▶ What the task asks
Write every entry out again with no changes, and leave the images behind.

▶ Task data

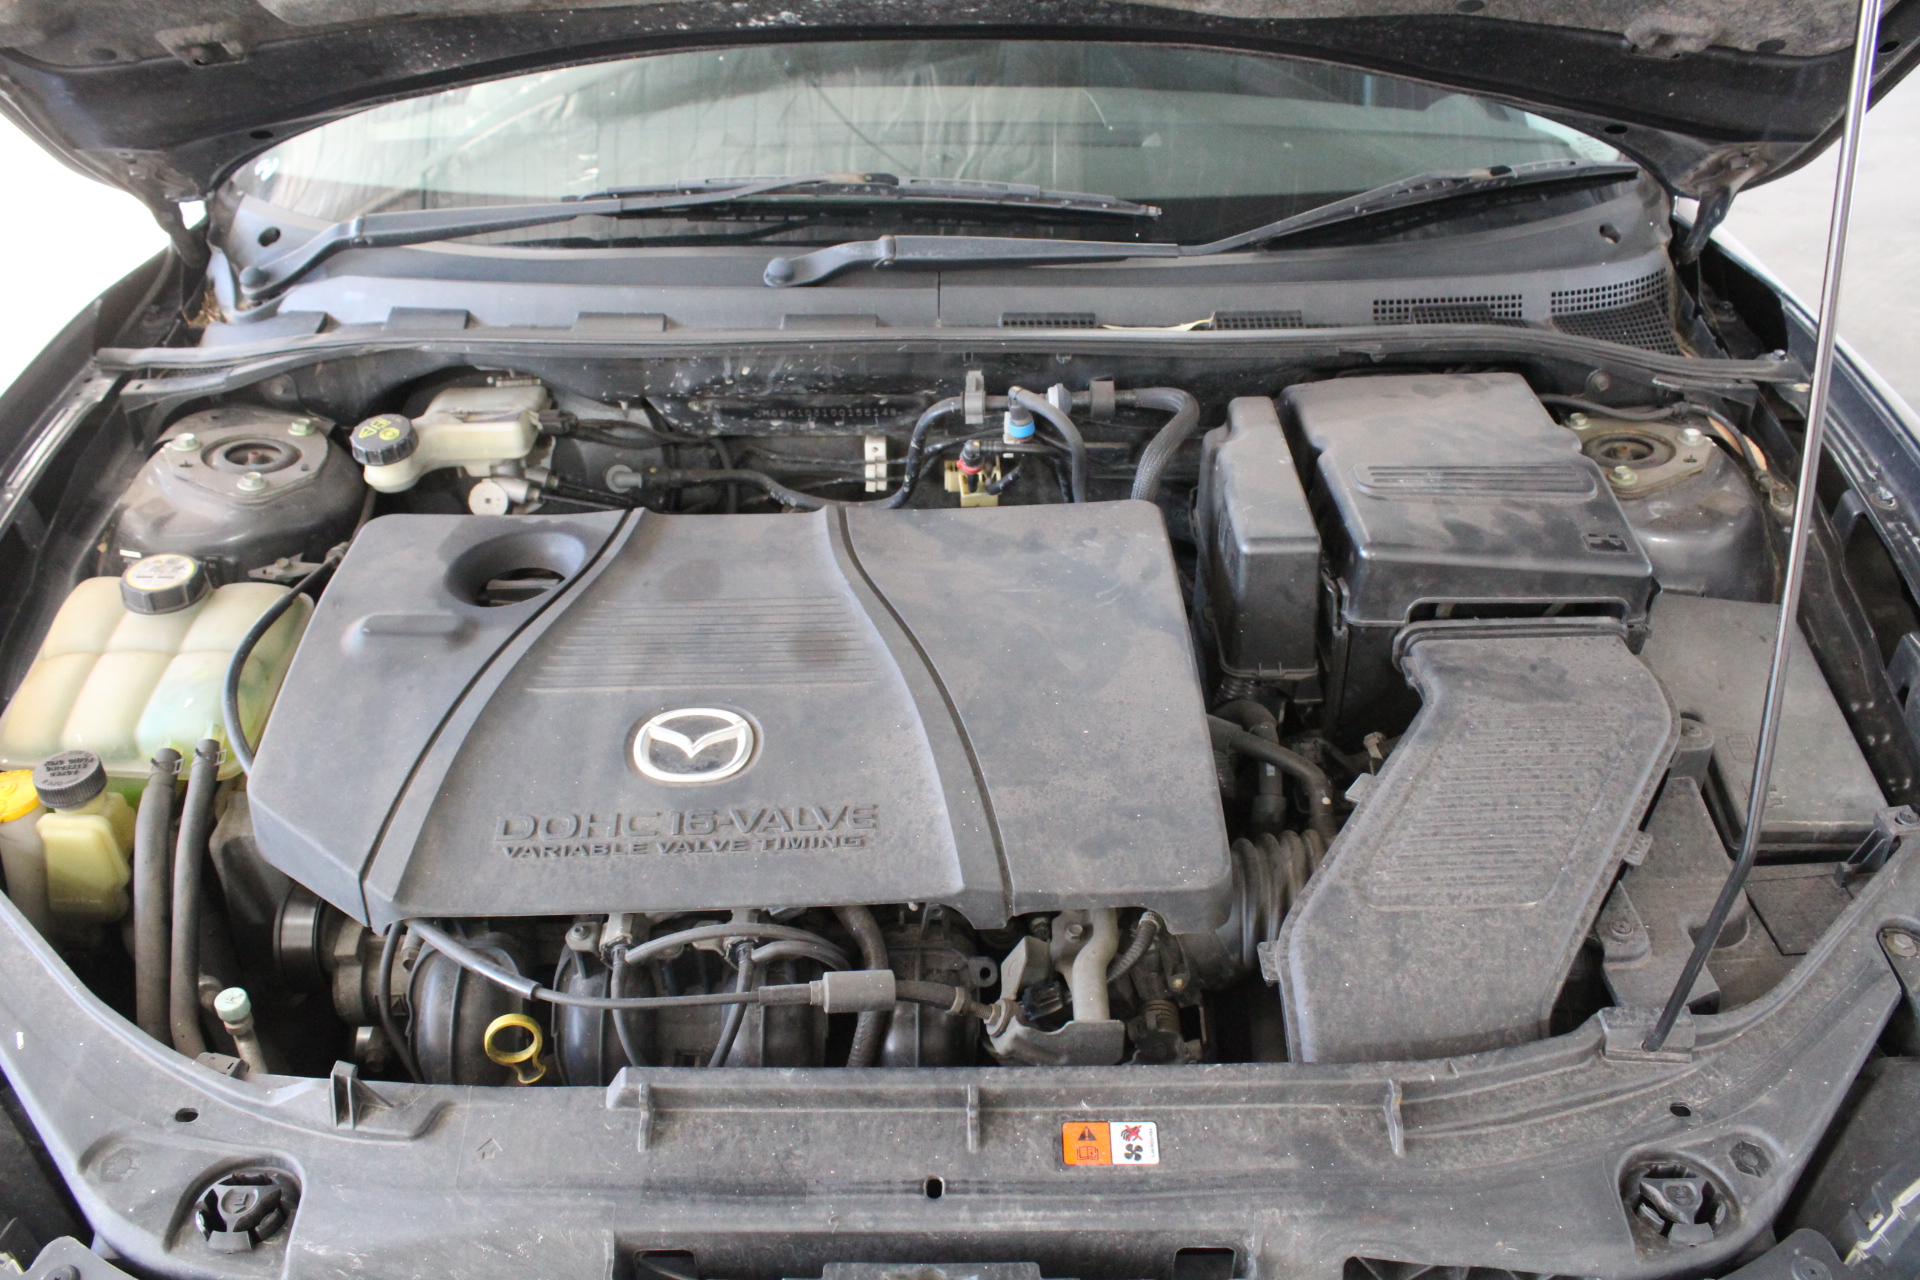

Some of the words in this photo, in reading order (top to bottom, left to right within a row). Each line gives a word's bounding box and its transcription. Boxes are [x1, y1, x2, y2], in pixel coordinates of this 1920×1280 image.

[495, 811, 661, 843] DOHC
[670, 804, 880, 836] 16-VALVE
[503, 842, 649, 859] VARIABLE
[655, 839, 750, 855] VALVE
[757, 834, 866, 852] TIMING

▶ Result of the task
Some of the words in this photo, in reading order (top to bottom, left to right within a row). Each line gives a word's bounding box and its transcription. Boxes are [x1, y1, x2, y2], in pixel coordinates of this 1920×1280 image.

[495, 811, 661, 843] DOHC
[670, 804, 880, 836] 16-VALVE
[503, 842, 649, 859] VARIABLE
[655, 839, 750, 855] VALVE
[757, 834, 866, 852] TIMING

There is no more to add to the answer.